PLS_ <- c(11.137, 0.5051883, 8.558643)
ridge_ <- c(13.56447, 0.5499816, 10.631959)
lasso_ <- c(12.77994, 0.4943310, 9.341717)
elasticnet_ <- c(13.15985, 0.5678457, 9.684884)

models_all <- rbind(data.frame(PLS_, ridge_, lasso_, elasticnet_))
row.names(models_all) <- c("RMSE", "R2", "MAE")
models_all %>% kable() %>% kable_styling(full_width = FALSE)
PLS_ ridge_ lasso_ elasticnet_
RMSE 11.1370000 13.5644700 12.779940 13.1598500
R2 0.5051883 0.5499816 0.494331 0.5678457
MAE 8.5586430 10.6319590 9.341717 9.6848840

Seems like PLS Model is doing better if we see the values of RMSE and MAE as compared with other models. Although rsquared is lower in PLS model than the others but I won’t rely much on rsquared as it can be increased with adding even an insignificant predictor. I would choose PLS model here.

(f)

I would not suggest any model discussed above because as we can see down in the histogram that most of the target variable’s data is under 10.

hist(permeability)

Exercise 6.3

A chemical manufacturing process for a pharmaceutical product was discussed in Sect.1.4. In this problem, the objective is to understand the relationship between biological measurements of the raw materials (predictors), measurements of the manufacturing process (predictors), and the response of product yield. Biological predictors cannot be changed but can be used to assess the quality of the raw material before processing. On the other hand, manufacturing process predictors can be changed in the manufacturing process. Improving product yield by 1% will boost revenue by approximately one hundred thousand dollars per batch.

(a)

Start R and use these commands to load the data

data(ChemicalManufacturingProcess)

The matrix processPredictors contains the 57 predictors (12 describing the input biological material and 45 describing the process predictors) for the 176 manufacturing runs. yield contains the percent yield for each run.

(b)

A small percentage of cells in the predictor set contain missing values. Use an imputation function to fill in these missing values (e.g., see Sect. 3.8).

I’ll use bagImpute method from preProcess function using caret package to impute the missing values. It used bagged tree model to do so.

chemical <- preProcess(ChemicalManufacturingProcess[, -c(1)], method="bagImpute")
chemical_imp <- predict(chemical, ChemicalManufacturingProcess[,-c(1)])

print(paste0("Total missing values after imputation are ", sum(is.na(chemical_imp))))
## [1] "Total missing values after imputation are 0"

(c)

Split the data into a training and a test set, pre-process the data, and tune a model of your choice from this chapter.

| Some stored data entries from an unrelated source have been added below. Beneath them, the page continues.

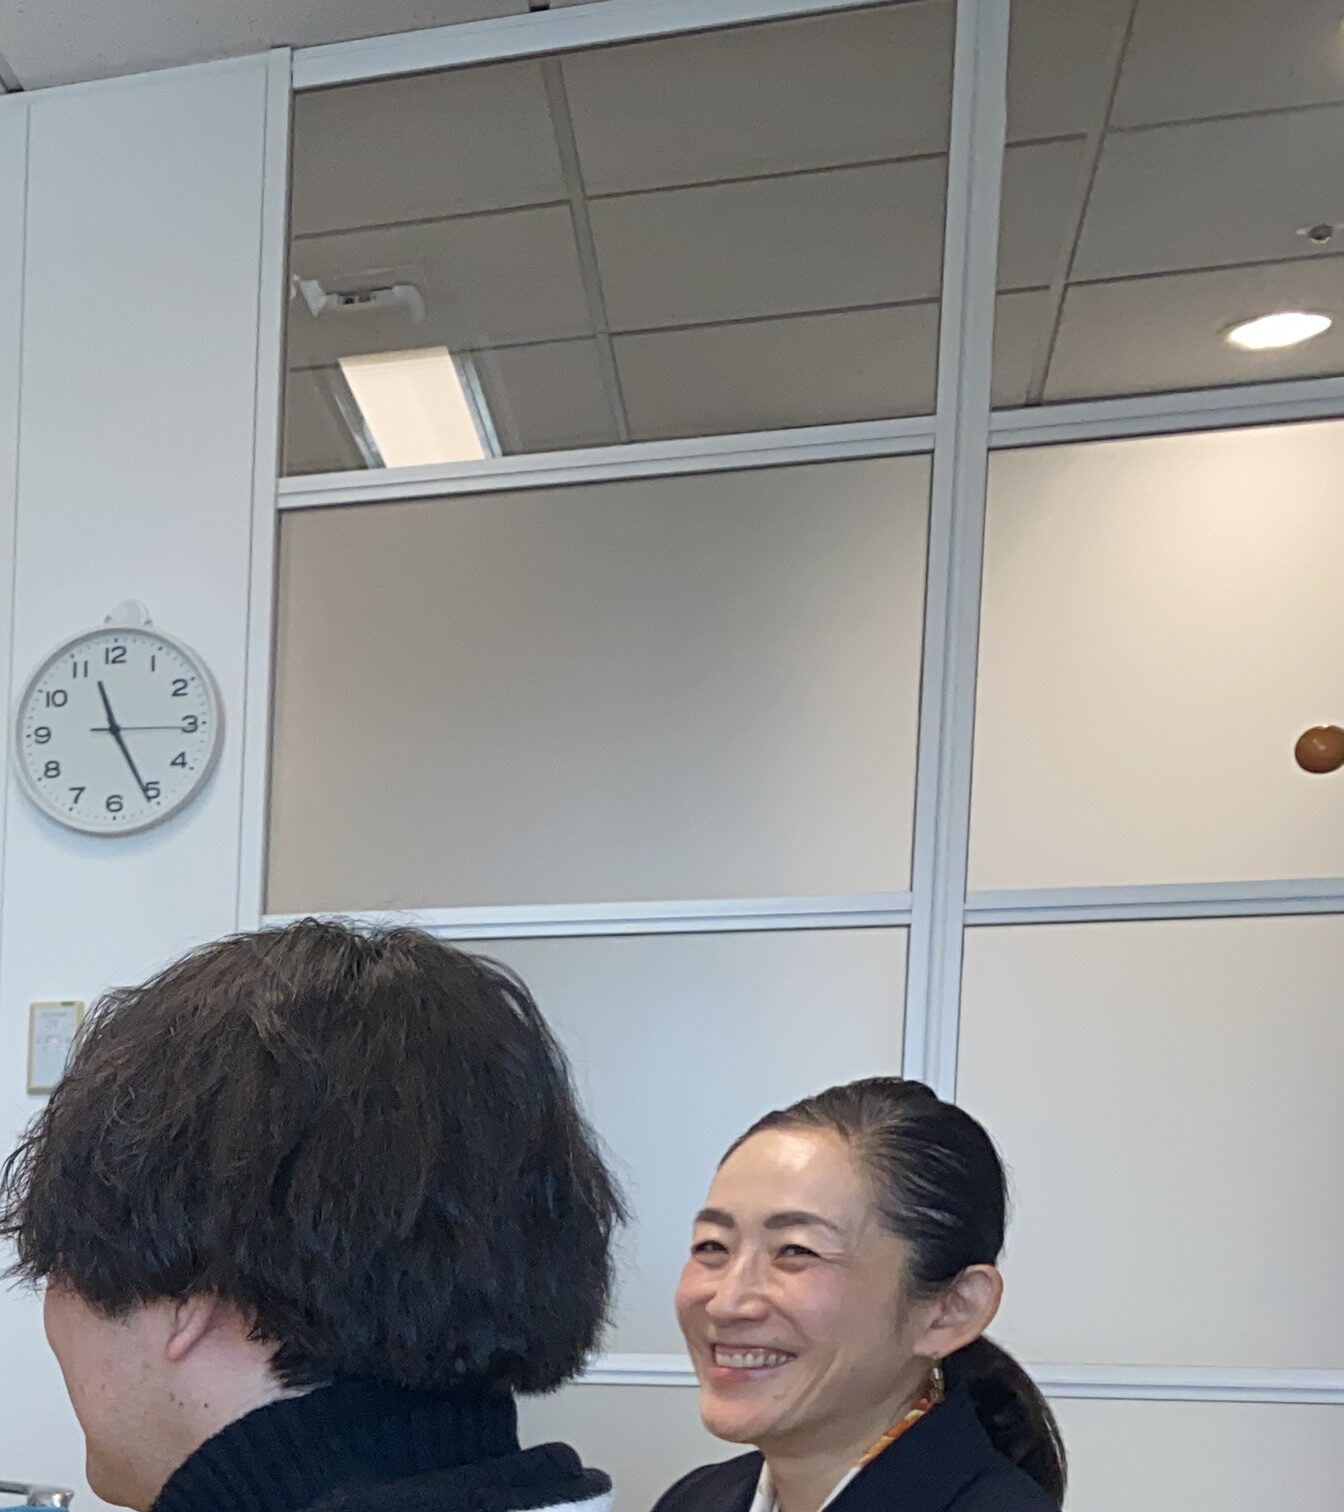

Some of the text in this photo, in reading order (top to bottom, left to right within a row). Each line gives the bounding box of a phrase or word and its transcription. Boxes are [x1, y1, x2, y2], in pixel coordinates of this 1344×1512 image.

[104, 645, 128, 665] 12
[150, 655, 156, 672] 1
[72, 660, 89, 679] 11
[171, 678, 189, 697] 2
[45, 689, 69, 708] 10
[180, 714, 199, 734] 3
[33, 725, 52, 745] 9
[43, 759, 62, 779] 8
[169, 751, 188, 769] 4
[68, 786, 87, 805] 7
[144, 781, 161, 800] 5
[105, 794, 124, 813] 6

What is the optimal value of the performance metric?

set.seed(440)

# Splitting data into training and test datasets
splitt <- createDataPartition(ChemicalManufacturingProcess$Yield, p=0.8, list=FALSE)
X_train <- chemical_imp[splitt, ]
y_train <- ChemicalManufacturingProcess$Yield[splitt]

X_test <- chemical_imp[-splitt, ]
y_test <- ChemicalManufacturingProcess$Yield[-splitt]

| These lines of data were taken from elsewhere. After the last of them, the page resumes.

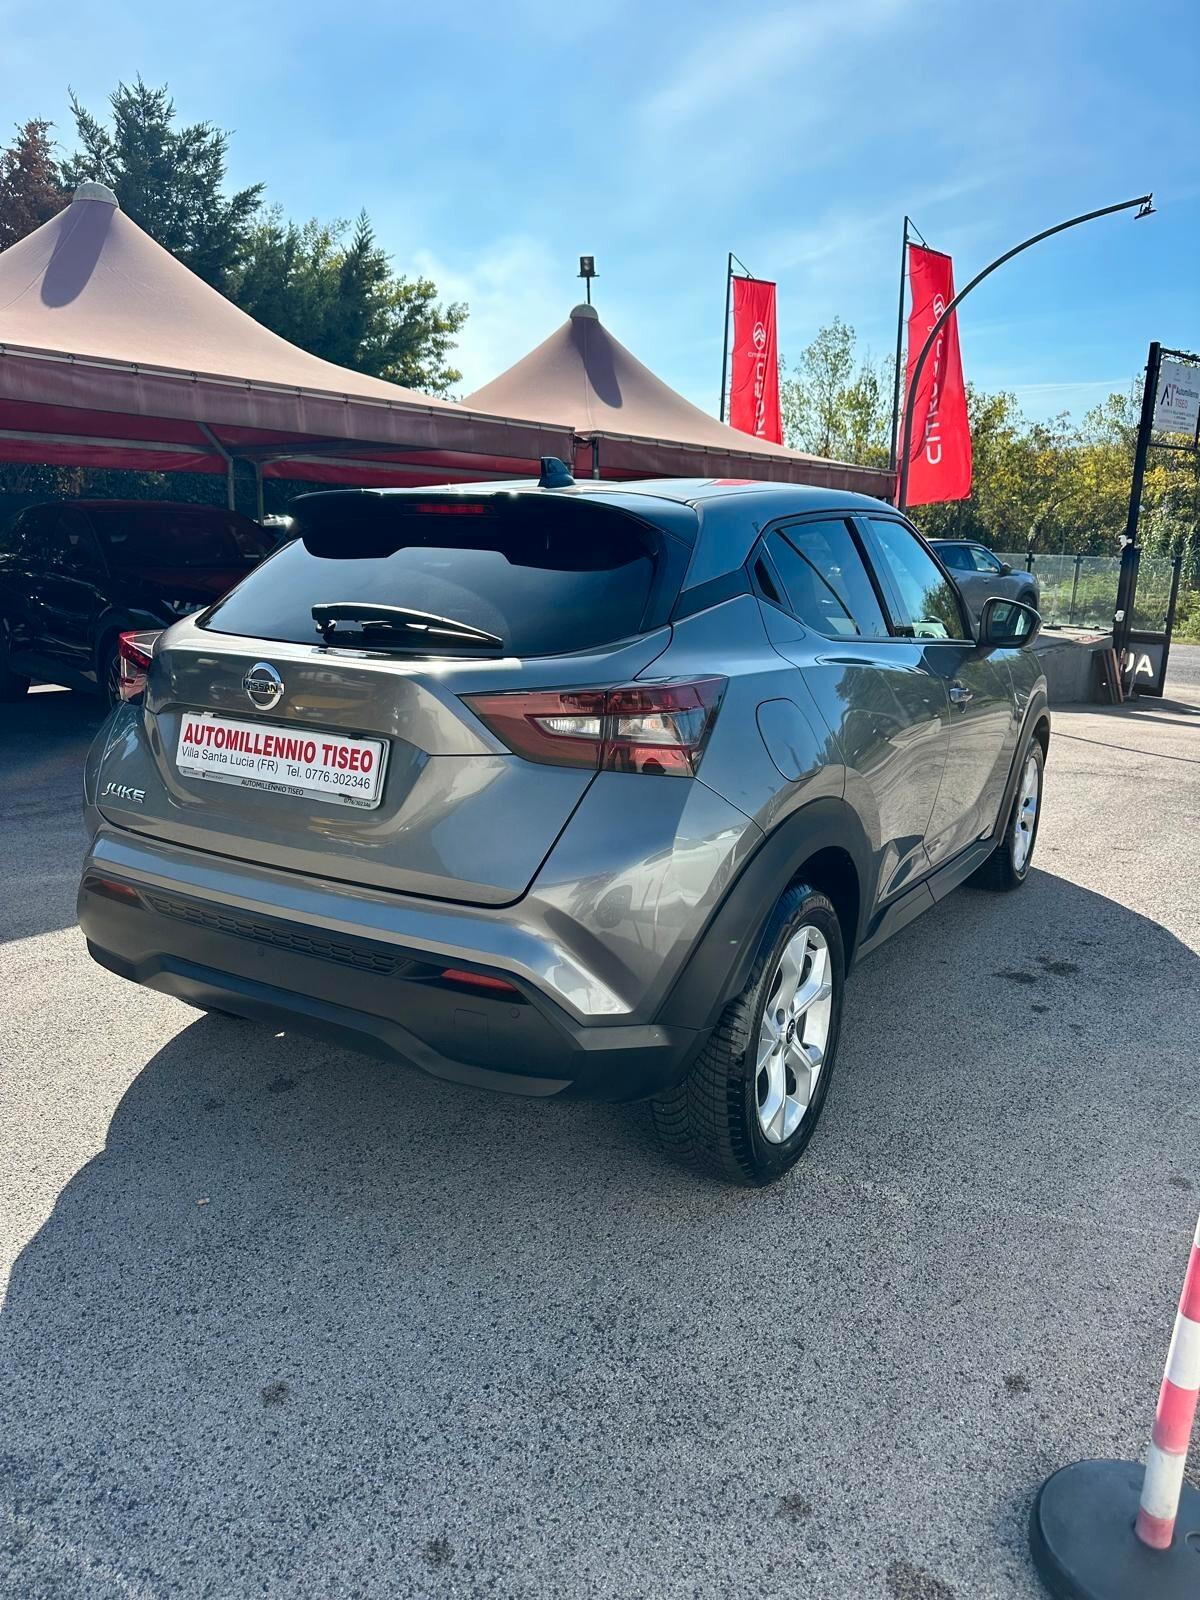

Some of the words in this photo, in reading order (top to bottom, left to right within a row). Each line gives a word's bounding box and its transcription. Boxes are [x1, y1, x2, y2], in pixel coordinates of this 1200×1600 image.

[245, 680, 278, 693] NISSAN
[183, 723, 316, 763] AUTOMILLENNIO
[322, 744, 373, 773] TISEO
[181, 746, 199, 759] Villa
[201, 749, 227, 763] Santa
[230, 754, 254, 768] Lucia
[257, 758, 278, 775] (FR)
[286, 764, 302, 778] Tel.
[305, 768, 370, 790] 0776.302346
[101, 783, 146, 803] JUKE
[241, 779, 286, 792] AUTOMILLENNIO
[287, 787, 303, 795] TISEO

Since, overall PLS model performed model in previous exercise comparatively with the other models that’s why I’ll choose PLS Regression here and I’ll choose RMSE as compared with R2 which is better accuracy criteria.

model_pls <- train(X_train, y_train, method='pls', metric='RMSE',
                   tuneLength=20, trControl = trainControl(method='cv'),
                   preProcess= c('center','scale'))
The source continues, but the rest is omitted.